--- Provided data Enclosed Below ---

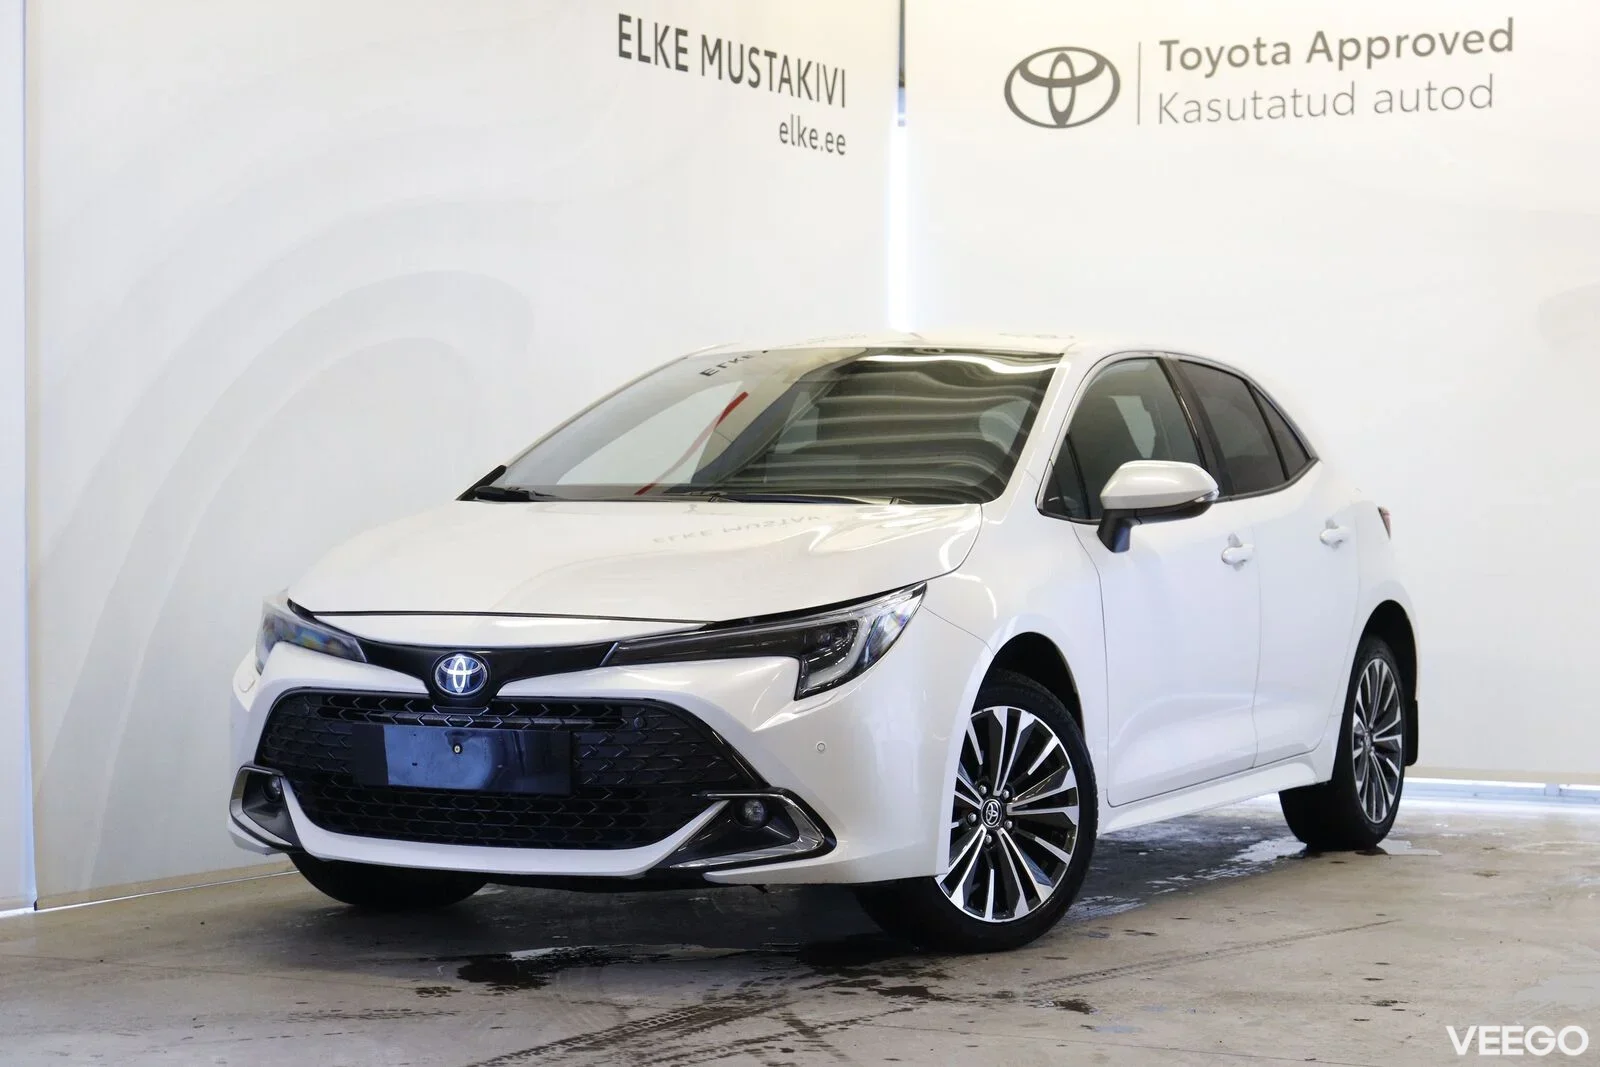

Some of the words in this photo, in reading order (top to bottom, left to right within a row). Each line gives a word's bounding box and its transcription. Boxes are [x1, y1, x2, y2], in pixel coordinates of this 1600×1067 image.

[618, 13, 689, 73] ELKE
[701, 34, 846, 109] MUSTAKIVI
[1159, 36, 1292, 79] Toyota
[1306, 17, 1514, 71] Approved
[1158, 81, 1356, 125] Kasutatud
[1373, 73, 1494, 114] autod
[779, 113, 846, 156] elke.ee

--- End of Enclosed Provided data ---

Retype all the data exactly, please, without pictures.

Some of the words in this photo, in reading order (top to bottom, left to right within a row). Each line gives a word's bounding box and its transcription. Boxes are [x1, y1, x2, y2], in pixel coordinates of this 1600×1067 image.

[618, 13, 689, 73] ELKE
[701, 34, 846, 109] MUSTAKIVI
[1159, 36, 1292, 79] Toyota
[1306, 17, 1514, 71] Approved
[1158, 81, 1356, 125] Kasutatud
[1373, 73, 1494, 114] autod
[779, 113, 846, 156] elke.ee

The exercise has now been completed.